Son courtier est d'opinion opposée. Sans surprise, elle balance entre les deux.

Une troisième opinion

Bonne occasion pour une réflexion sur les rentes viagères. Raphaël Hainault, planificateur au Fonds des professionnels, s'en est chargé. Pour fins de comparaison, il a d'abord obtenu une cotation pour une rente viagère achetée avec un capital de 100 000 $, pour une femme de 71 ans en bonne santé. La rente s'établit à 728 $ par mois si les paiements sont garantis pour les cinq premières années, même en cas de décès prématuré. Une rente non garantie, qui cesse au décès, verserait 735 $ par mois.

Une rente viagère procurerait-elle vraiment des avantages fiscaux à Alice ? Il est vrai que si elle est achetée avec des capitaux hors REER, une rente prescrite – dont l'impôt est étalé également sur toute la durée de la rente – peut offrir certains avantages. Mais Alice achèterait sa rente avec des fonds enregistrés. « La totalité des paiements de la rente seront donc imposables de toute façon », fait valoir notre planificateur.

Par ailleurs, une rente viagère de 735 $, soit 8820 $ par année, équivaut à 8,2 % des 100 000 $ versés pour son achat. Ce taux est nettement supérieur au taux de retrait minimal d'un FERR, qui à 71 ans s'établit à 7,38 %. « Il en résulte donc une imposition supplémentaire, surtout dans une situation où la cliente n'a pas nécessairement besoin de ces revenus supplémentaires », soulève M. Hainault.
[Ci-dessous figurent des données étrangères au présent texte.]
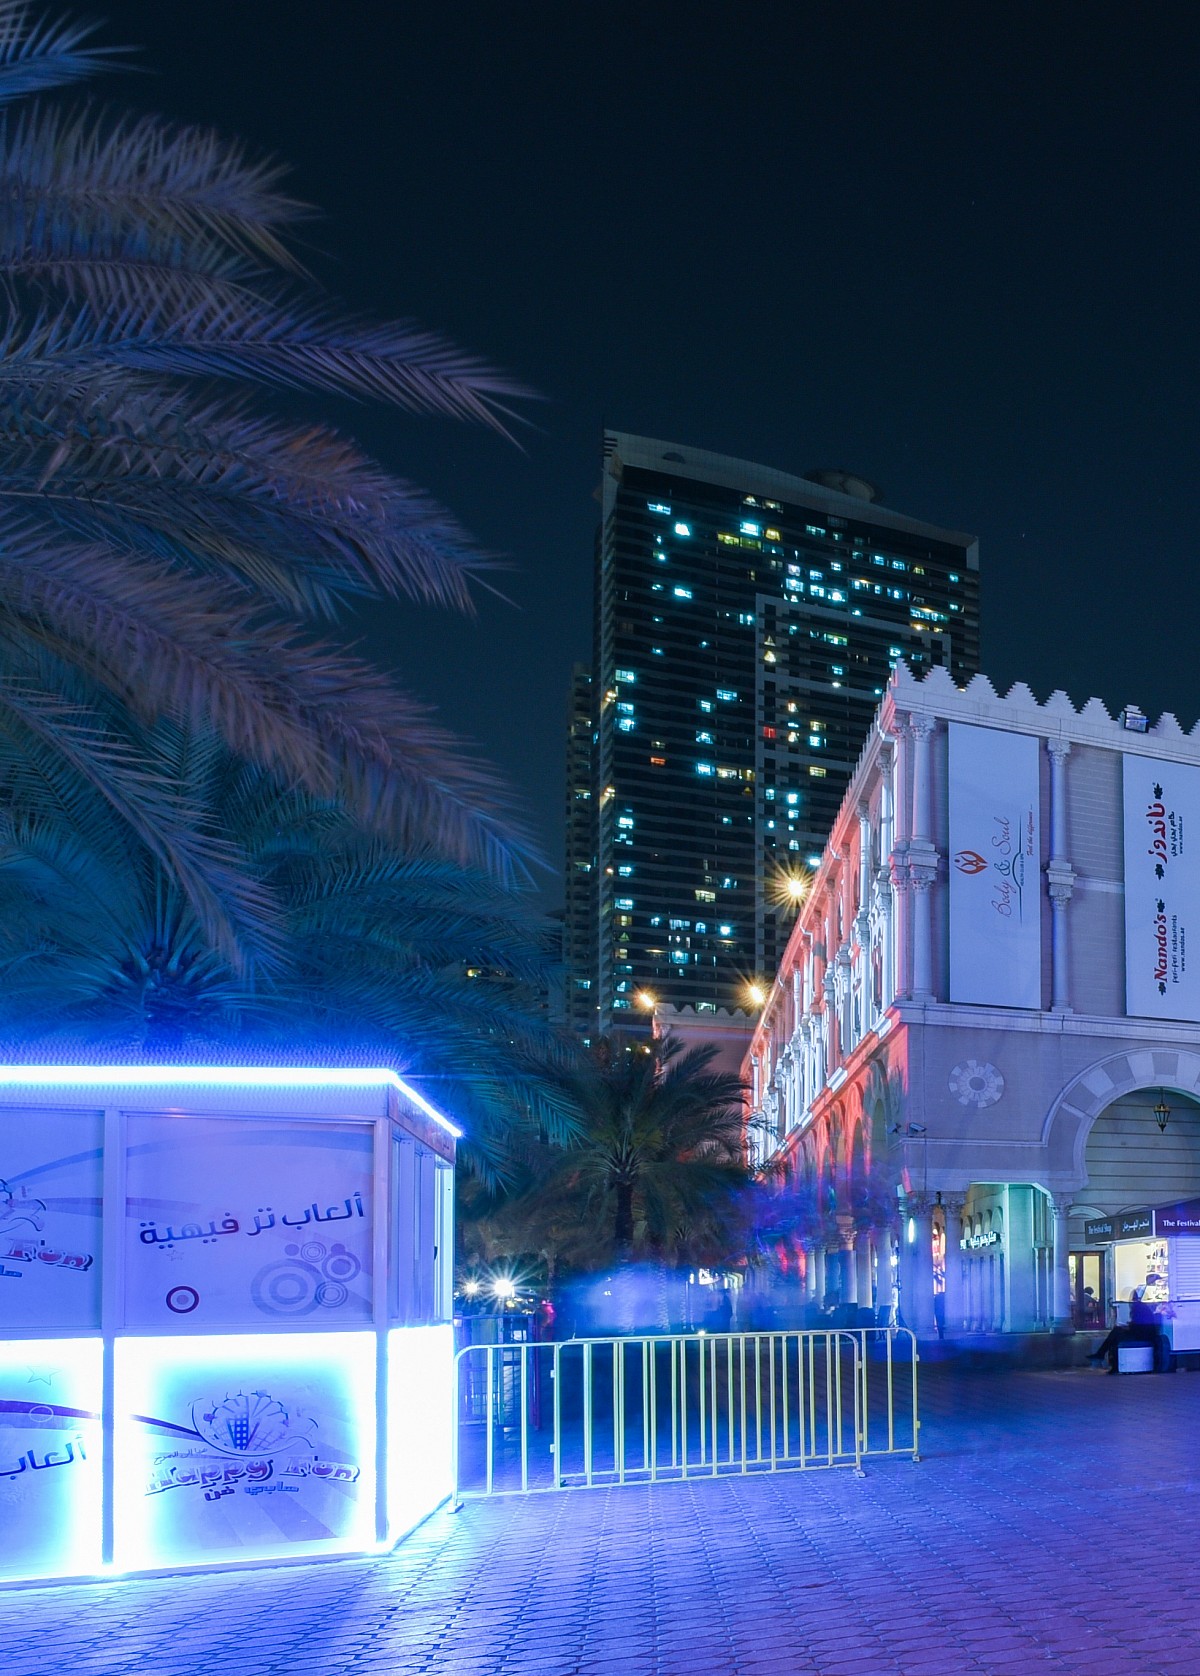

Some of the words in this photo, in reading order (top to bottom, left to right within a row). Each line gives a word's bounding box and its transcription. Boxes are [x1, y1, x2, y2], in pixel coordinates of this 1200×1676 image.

[991, 816, 1012, 855] Soul
[1146, 803, 1168, 864] ناندوز
[994, 859, 1010, 876] &
[991, 880, 1017, 918] Body
[1153, 914, 1168, 983] Nando's
[1171, 954, 1180, 984] peri-peri
[281, 1191, 365, 1231] ألعاب
[1162, 1219, 1176, 1228] The
[1177, 1219, 1200, 1228] Festival
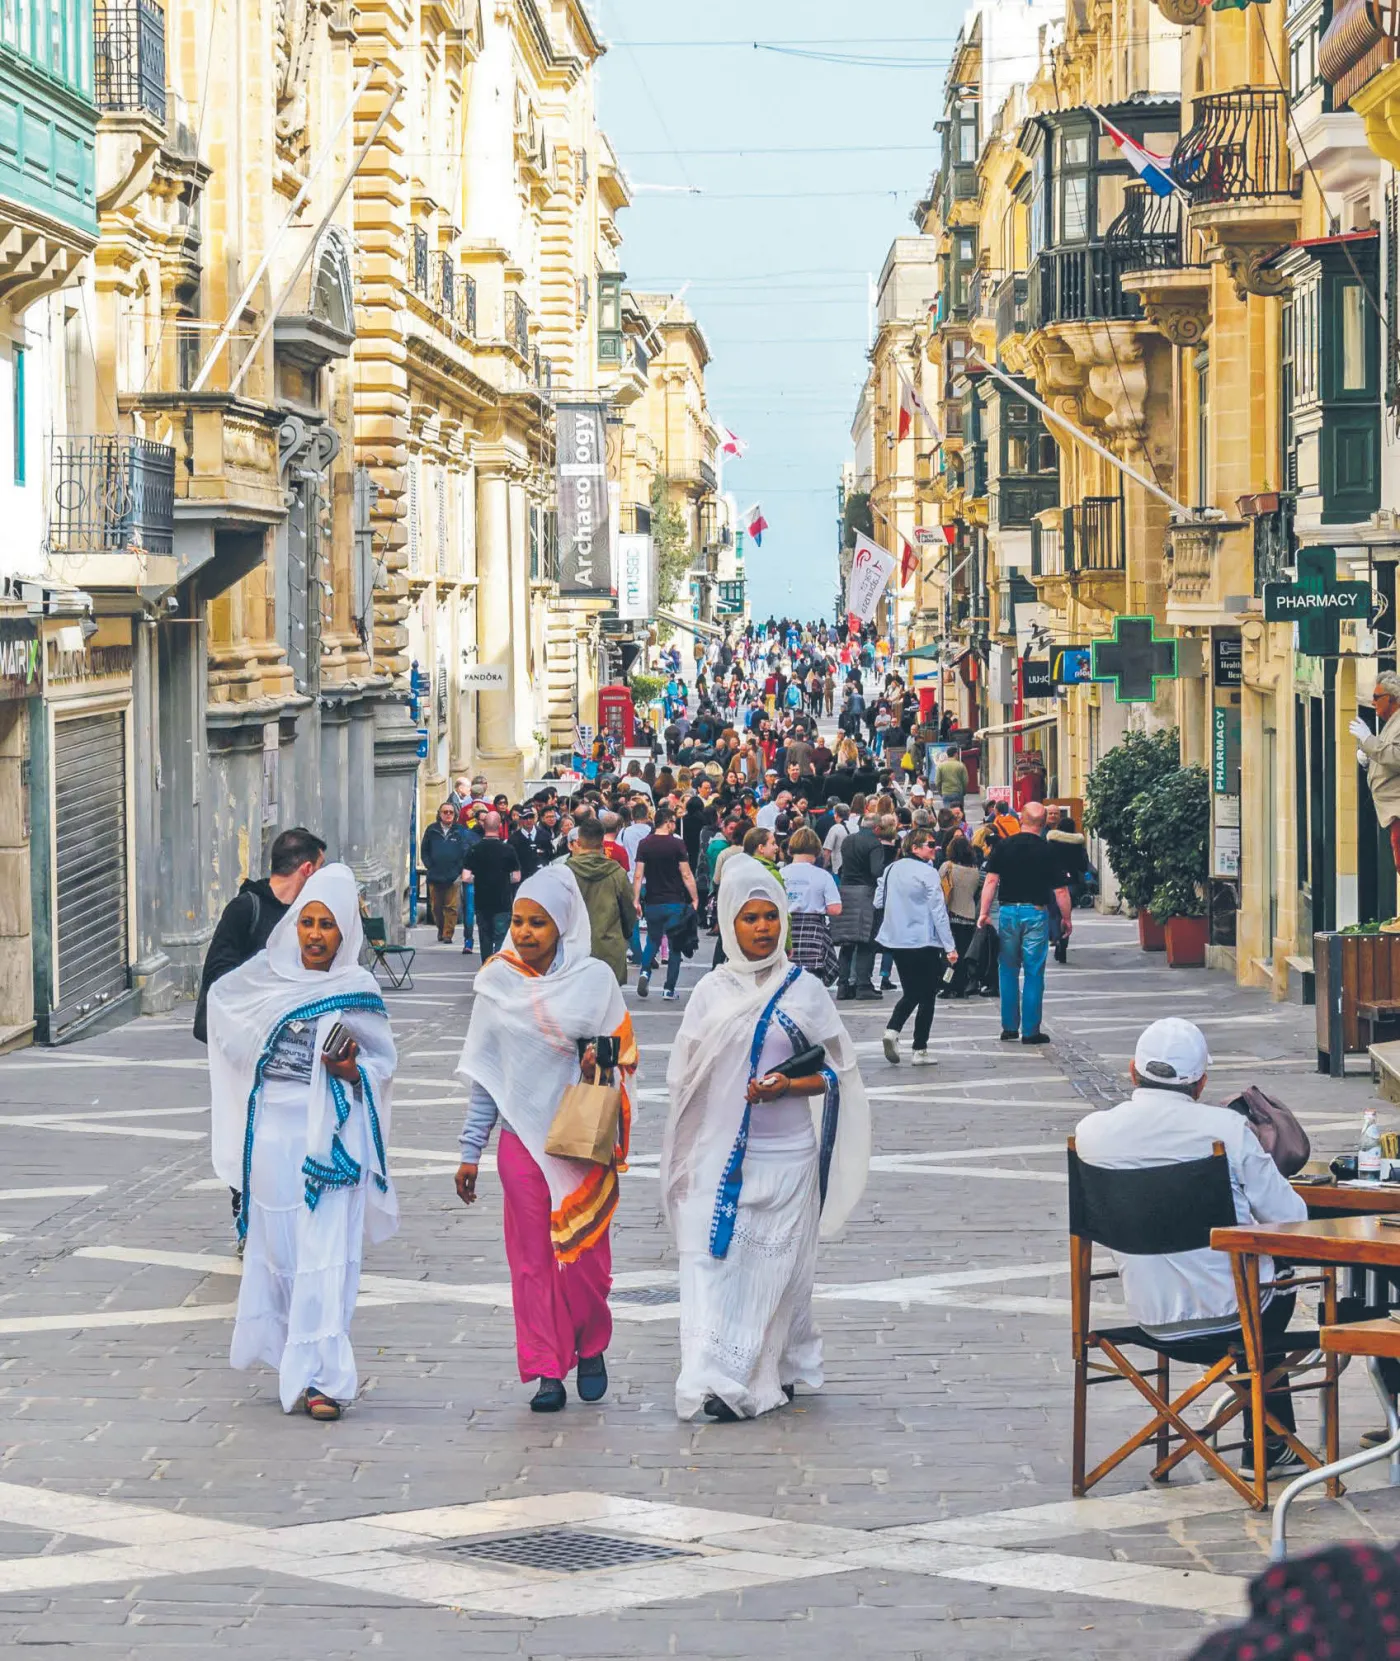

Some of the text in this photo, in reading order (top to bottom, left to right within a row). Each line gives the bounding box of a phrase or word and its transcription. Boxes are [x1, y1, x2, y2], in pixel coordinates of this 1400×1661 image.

[566, 413, 600, 588] Archaeology
[1276, 593, 1358, 609] PHARMACY
[1216, 711, 1225, 790] PHARMACY
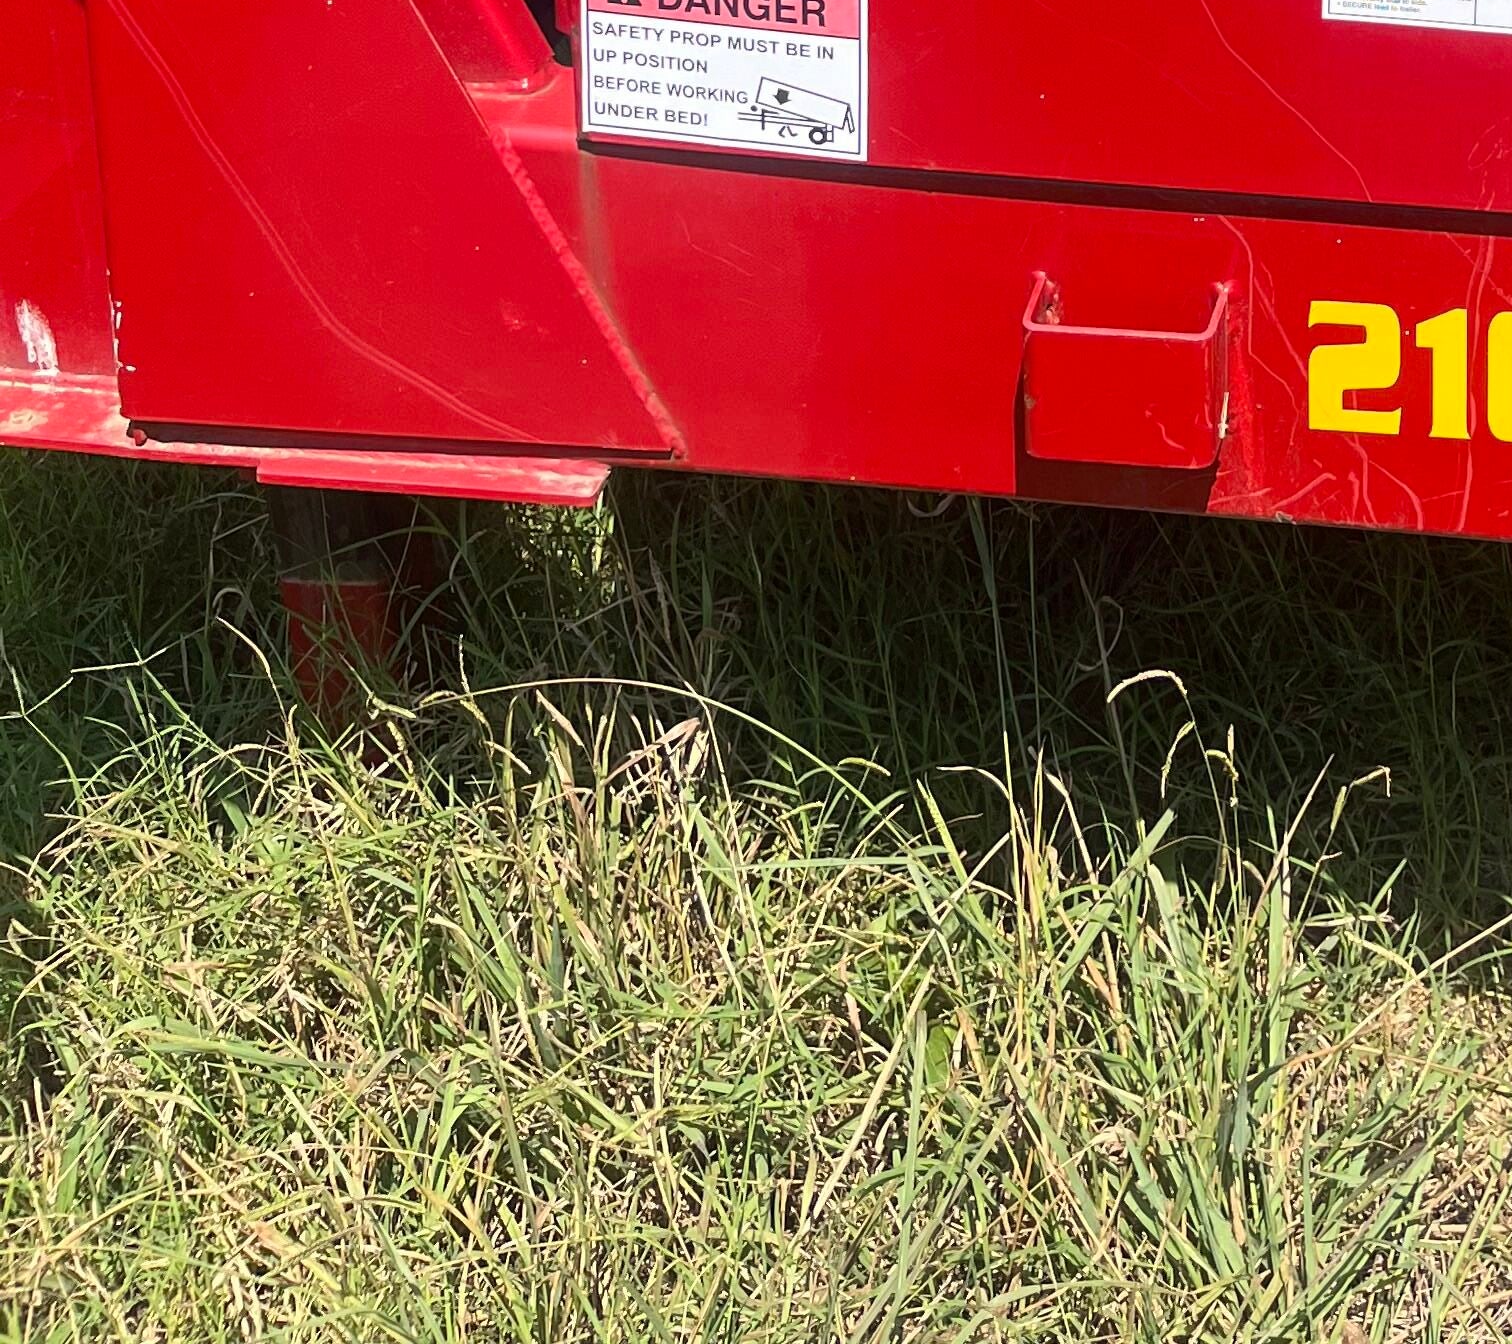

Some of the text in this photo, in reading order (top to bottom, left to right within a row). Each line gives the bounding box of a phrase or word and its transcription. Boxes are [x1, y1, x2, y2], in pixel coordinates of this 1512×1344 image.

Ce serait un inconvénient négligeable si la rente procurait un rendement supérieur aux placements d'Alice, comme le soutient son conseiller en sécurité financière. Est-ce bien le cas ?

Il est vrai que l'assureur vie, en répartissant le risque et en divertissant ses investissements, peut offrir un rendement intéressant... « à la condition que la personne décède selon son espérance de vie », précise Raphaël Hainault.

Avec une rente viagère de 735 $ par mois, il faudra un peu plus de 11 ans pour qu'Alice récupère les 100 000 $ qu'elle a versés. Pour obtenir un rendement équivalent à celui de ses placements actuels, Alice devrait vivre jusqu'à 86 ou 87 ans.

« Puisque les antécédents familiaux d'Alice ne sont pas des plus reluisants au niveau de l'espérance de vie, le rendement de sa rente viagère pourrait très bien être en deçà du rendement de ses placements actuels », souligne notre planificateur.

Il rappelle qu'une rente viagère permet de transférer à l'assureur le risque lié aux placements. Mais puisque le portefeuille d'Alice est très prudemment investi, elle est déjà peu sensible aux aléas du marché. De plus, ses actifs actuels sont amplement suffisants pour lui permettre de maintenir son train de vie jusqu'à la fin de ses jours.

Enfin, près de la moitié des revenus actuels d'Alice proviennent de régimes de rente viagers : RRQ, PSV, rente de retraite de conjoint survivant. « Une grande partie de ses revenus est donc déjà protégée, commente M. Hainault. Par conséquent, il n'y a pas de nécessité de protéger davantage son coût de vie. »

LES DONNÉES

Le conseiller d'Alice lui recommande de consacrer 100 000 $ de ses épargnes à l'achat d'une rente viagère. Il fait valoir des avantages fiscaux et un rendement plus avantageux que ses placements actuels.

« Mon courtier diffère un peu d'opinion, voilà pourquoi j'aimerais connaitre votre analyse. »

Alice

Alice, 71 ans

Rente de conjoint survivant : 1736 $ par mois

RRQ : 642 $/ mois

PSV : 516 $ par mois

REER : 735 000 $

Propriété : 345 000 $, libre d'hypothèque

Ni les avantages fiscaux ni le rendement espéré de la rente viagère, ni la situation financière d'Alice ne justifient de prendre cette décision. Il faudrait qu'elle décède à 86 ou 87 ans pour que le rendement de cette rente équivaille au rendement de ses placements.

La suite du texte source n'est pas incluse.